**PROMPT:** Copy nothing but the text: repeat each entry exactly and drop the images.

**RECORDS TO USE:**
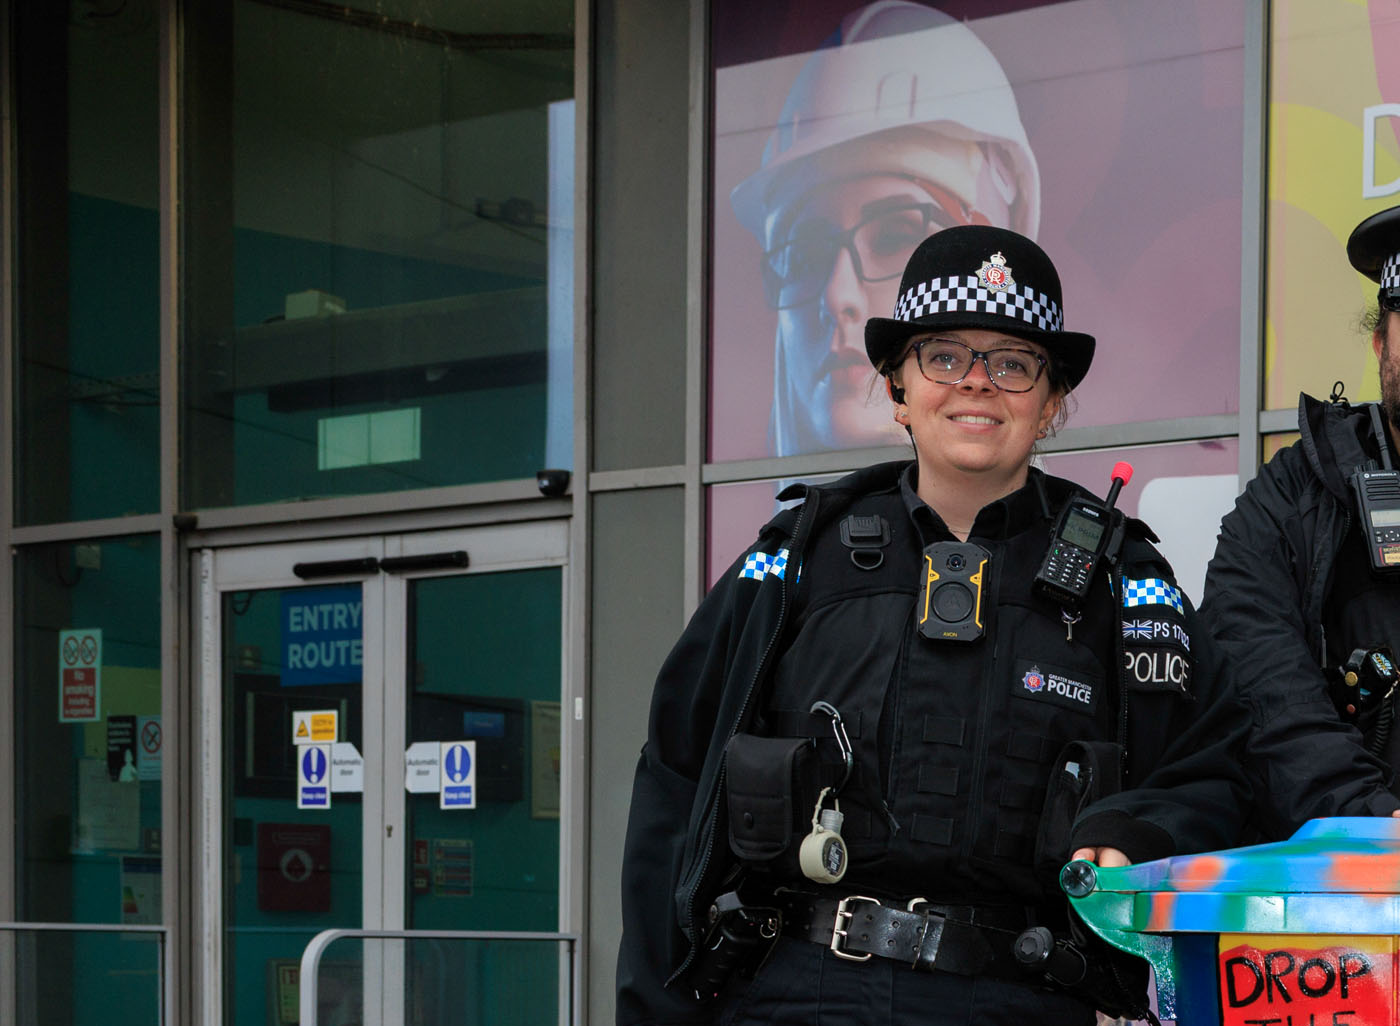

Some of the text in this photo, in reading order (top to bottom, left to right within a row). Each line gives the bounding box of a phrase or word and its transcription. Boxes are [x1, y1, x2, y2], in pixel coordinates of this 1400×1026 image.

[289, 602, 362, 632] ENTRY
[1153, 621, 1170, 638] PS
[288, 639, 363, 669] ROUTE
[1047, 679, 1092, 704] POLICE
[1226, 951, 1371, 1009] DROP

**THE COMPLETED TASK:**
Some of the text in this photo, in reading order (top to bottom, left to right within a row). Each line gives the bounding box of a phrase or word and its transcription. Boxes are [x1, y1, x2, y2], in pixel coordinates of this 1400×1026 image.

[289, 602, 362, 632] ENTRY
[1153, 621, 1170, 638] PS
[288, 639, 363, 669] ROUTE
[1047, 679, 1092, 704] POLICE
[1226, 951, 1371, 1009] DROP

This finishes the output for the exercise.